Before you can write BDD tests, you probably need to know what they are. Short answer – BDD tests try to black-box test something according to its behaviour. One of the most common languages is Gherkin. In principle, Gherkin is a natural language based technique for describing feature and scenarios in terms of how they appear to an observer. You’ll know it’s Gherkin if you see a lot of:

  • Feature – to describe a capability
  • Scenario – to describe an example of a feature
  • Given – setup
  • When – execution
  • Then – expectations

Other BDD specification languages also exist. RSpec style test frameworks tend to use:

  • Describe – to describe a capability in terms of its behaviour
  • It – to describe a scenario
  • Expect – to verify things during testing that scenario

RSpec is Ruby based. It has a JavaScript counterpart – Jasmine. Jasmine has proved brilliant, especially when used in conjunction with Karma for testing Angular and other bits of JavaScript.

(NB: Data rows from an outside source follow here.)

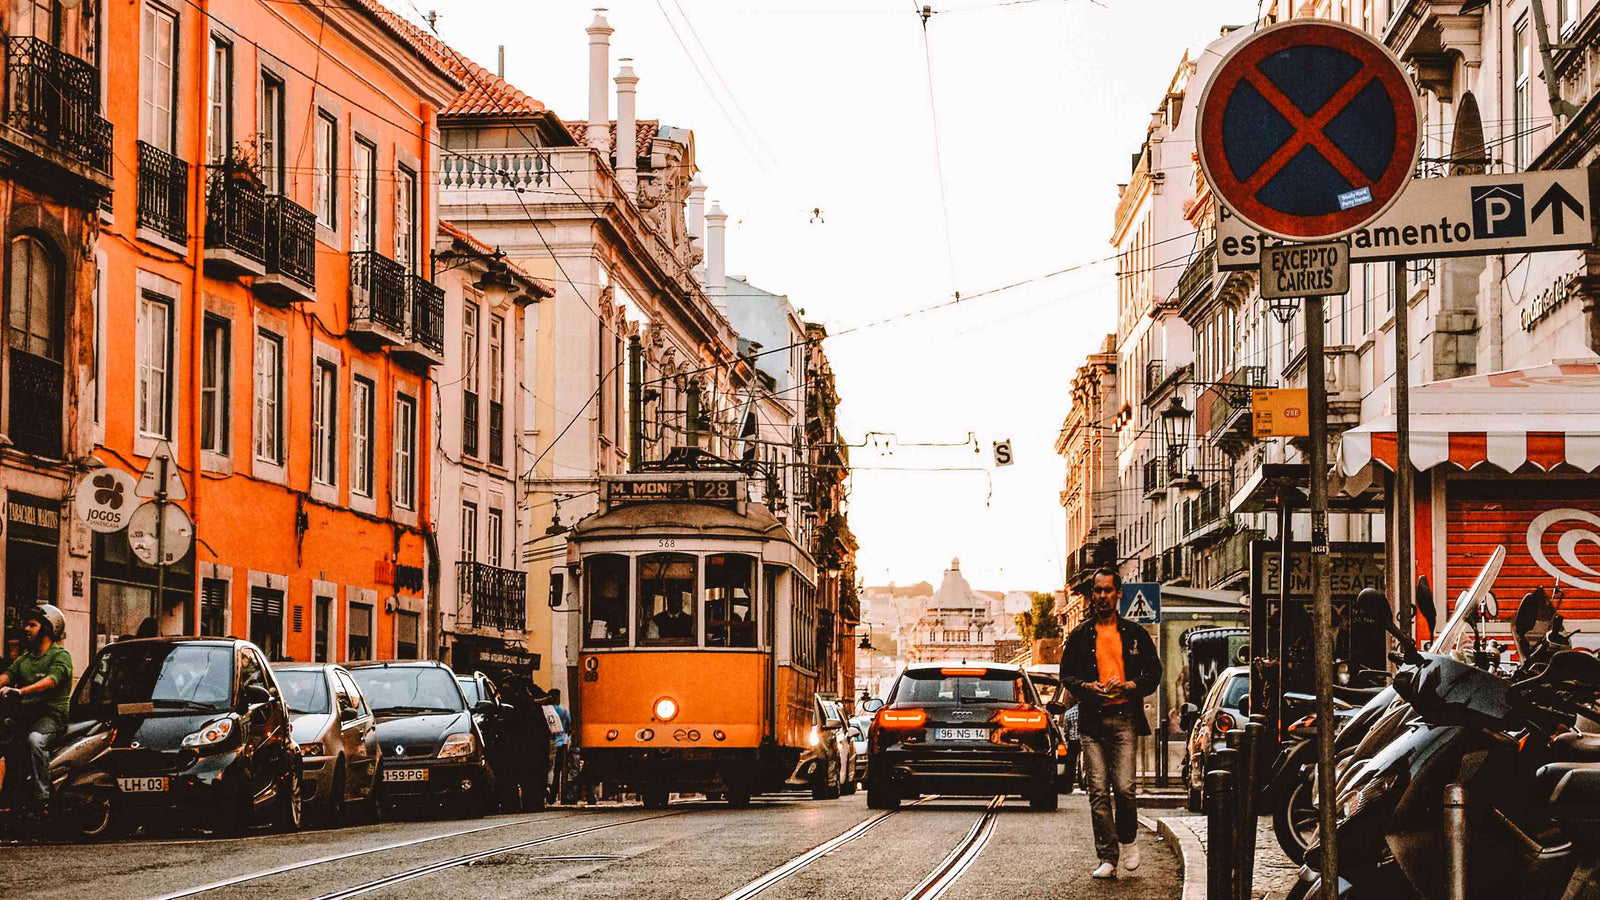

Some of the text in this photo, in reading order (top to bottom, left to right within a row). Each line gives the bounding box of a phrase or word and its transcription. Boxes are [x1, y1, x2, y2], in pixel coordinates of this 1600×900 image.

[1485, 198, 1511, 234] P
[1271, 247, 1338, 272] EXCEPTO
[1277, 268, 1333, 292] CARRIS
[996, 444, 1010, 464] S
[633, 482, 684, 494] MONIZ
[704, 482, 729, 497] 28
[86, 508, 121, 523] JOGOS
[659, 540, 675, 548] 568
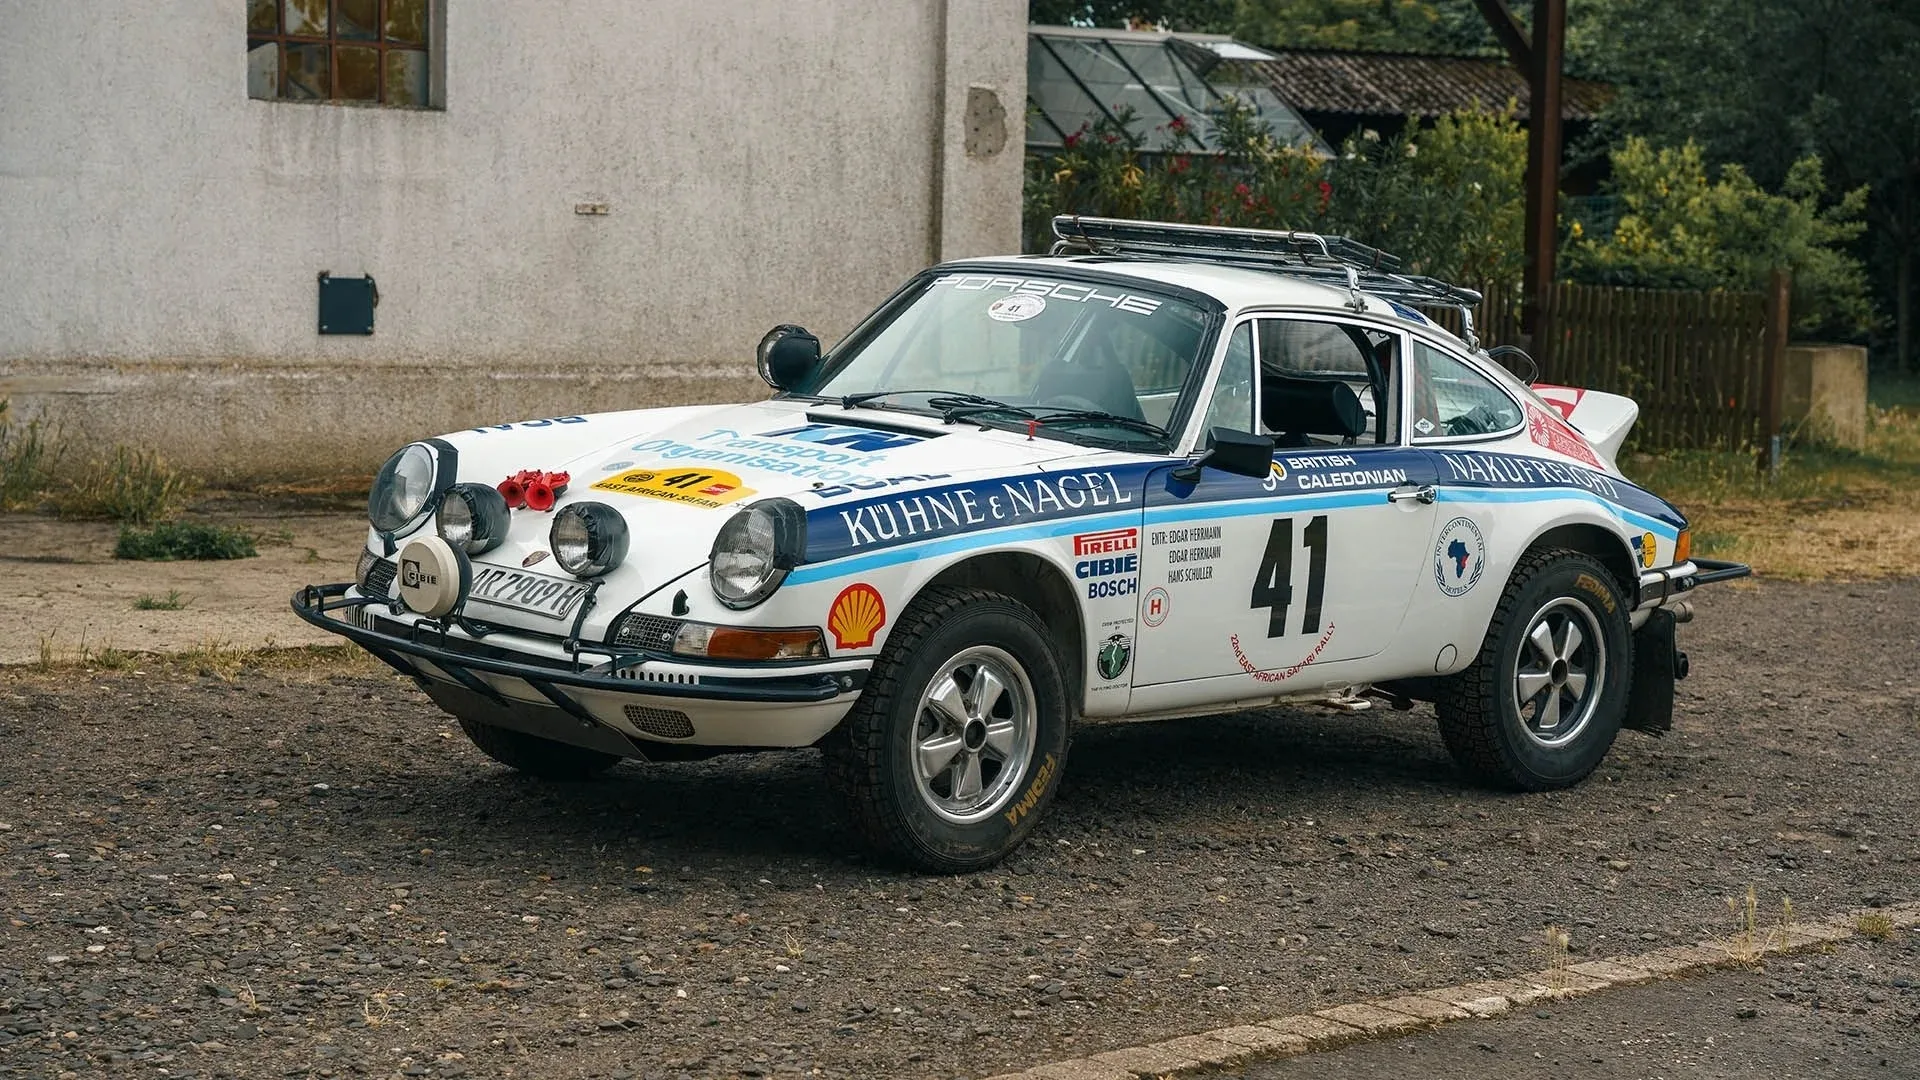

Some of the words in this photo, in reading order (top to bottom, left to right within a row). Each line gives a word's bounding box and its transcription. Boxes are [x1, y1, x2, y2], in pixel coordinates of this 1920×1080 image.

This post is concerned with Java and JVM. There are a cavalcade of possible tools you can use for BDD testing on the JVM. Here’s a quick round-up of tools I’ve heard of:

  • Cucumber JVM – one of the leading products – based on Gherkin – uses plaintext feature files and wires up test code using reflection and regular expressions
  • JBehave – also based on Gherkin – similar feature set to Cucumber JVM
  • Spock – this relies on Groovy and feels like a blend of code and script – it has Gherkin-like when and then labels.
  • Oleaster – this uses RSpec/Jasmine like syntax and requires Java 8. It includes a port of the “expect” framework you’d find in Jasmine.
  • Spectrum – this is intended to be a Polyglot and Principle of Least Surprise framework. It uses RSpec/Jasmine syntax and also supports Gherkin syntax, all expressed in Java 8. No expectations framework is supplied as you can take your pick of JUnit, AssertJ, Hamcrest‘s ones as you prefer.
  • Ginkgo4j – a port of Ginkgo to Java, including direct support for Spring. Ginkgo seems to be very similar to RSpec in its syntax.
  • JGiven – this takes a completely different approach, encouraging you to create your own DSL for using in the tests.
  • ColaTests – a Gherkin based JUnit runner where you write the steps and tests directly in the test class in Java annotated with Gherkin syntax.
  • Specsy – intended for Scala, this can also be used a Java 8 lambda-based test framework, with examples and support for Groovy and Scala to boot. It’s very lightweight and hugely supports parallel testing and control of sharing state between tests.

The above is intended to be a rundown of tools that are out there – please comment with any omissions or errors and I will try to update the list.

Full disclosure – I’ve contributed to the Spectrum framework.